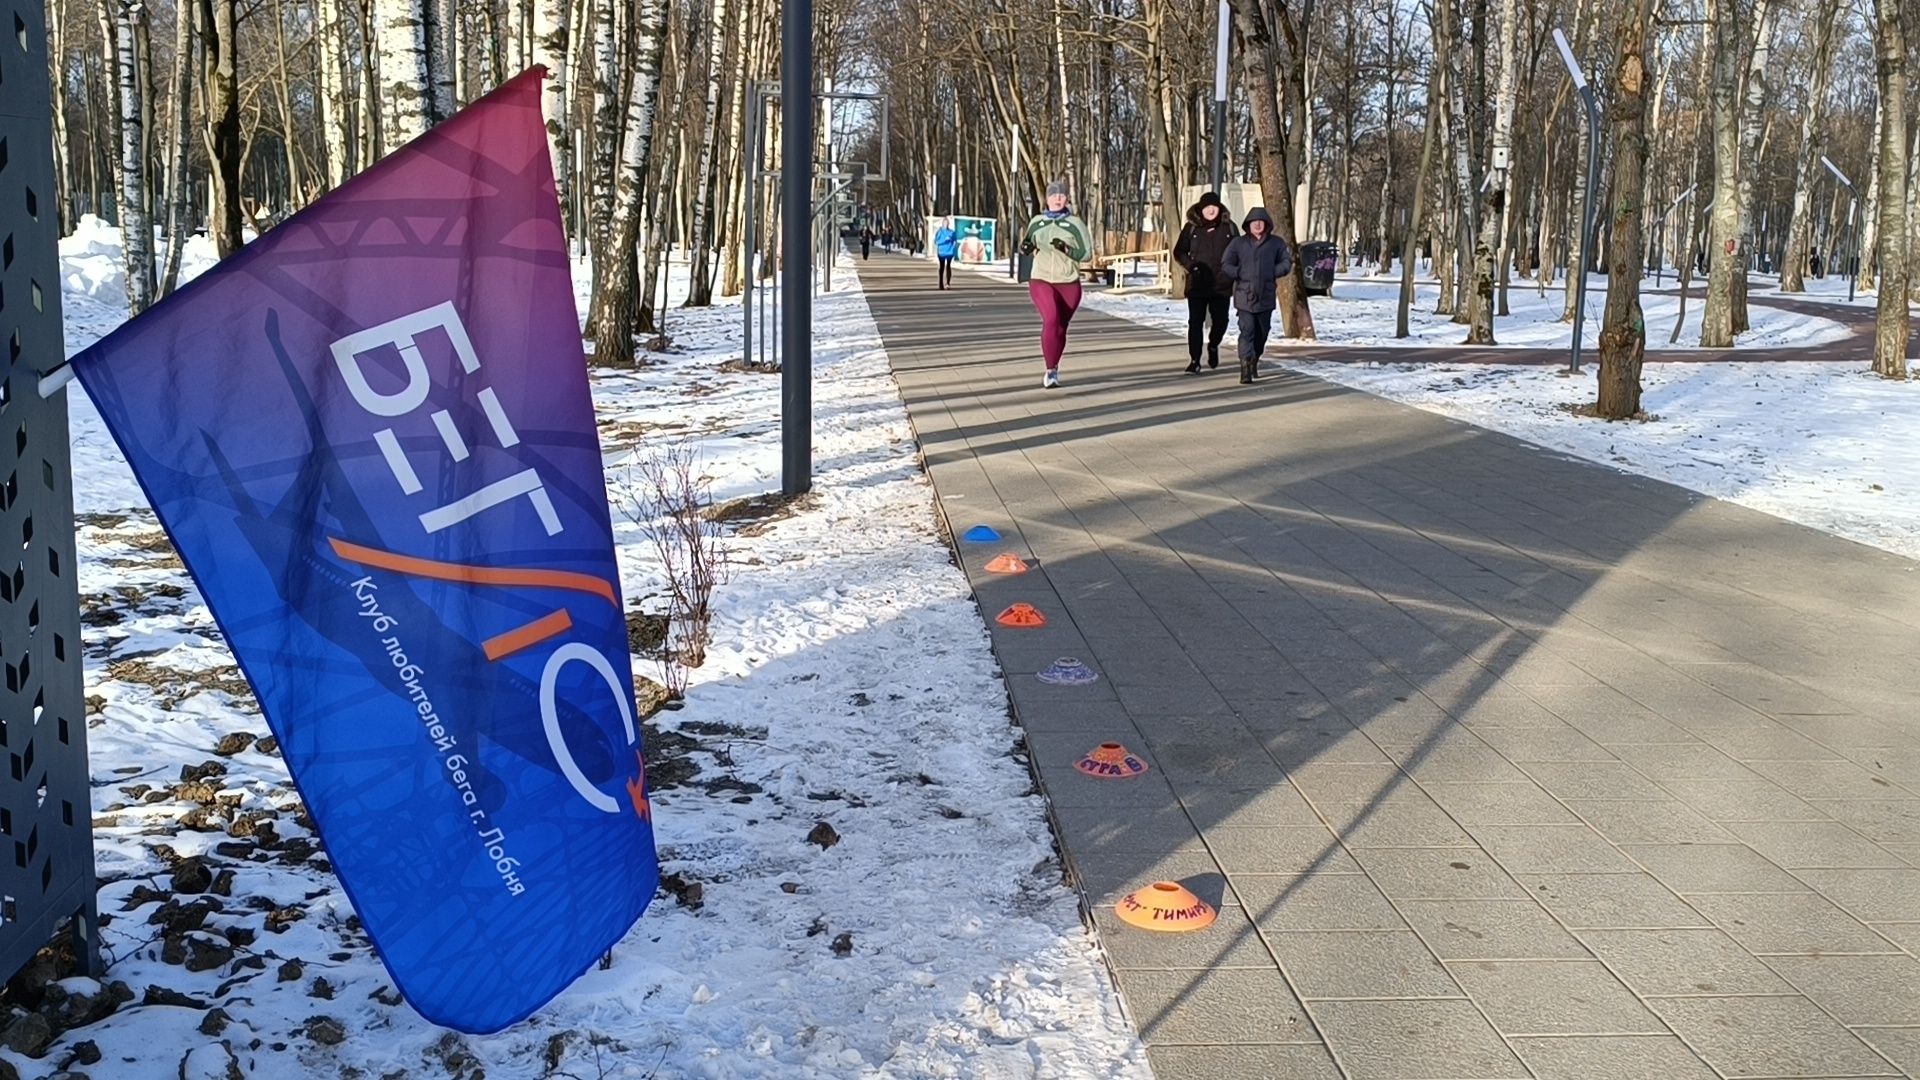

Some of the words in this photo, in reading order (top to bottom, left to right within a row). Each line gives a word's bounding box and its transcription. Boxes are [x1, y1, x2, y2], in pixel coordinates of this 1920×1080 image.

[351, 575, 398, 633] Клуб
[382, 636, 457, 752] любителей
[446, 753, 478, 807] бега
[470, 808, 485, 824] г.
[478, 827, 525, 897] Лобня

☆ ☆ ☆

● Assignment
Return the data above unchanged. Pictures are not part of the copy.

● Answer section
Some of the words in this photo, in reading order (top to bottom, left to right within a row). Each line gives a word's bounding box and its transcription. Boxes are [x1, y1, x2, y2], in pixel coordinates of this 1920×1080 image.

[351, 575, 398, 633] Клуб
[382, 636, 457, 752] любителей
[446, 753, 478, 807] бега
[470, 808, 485, 824] г.
[478, 827, 525, 897] Лобня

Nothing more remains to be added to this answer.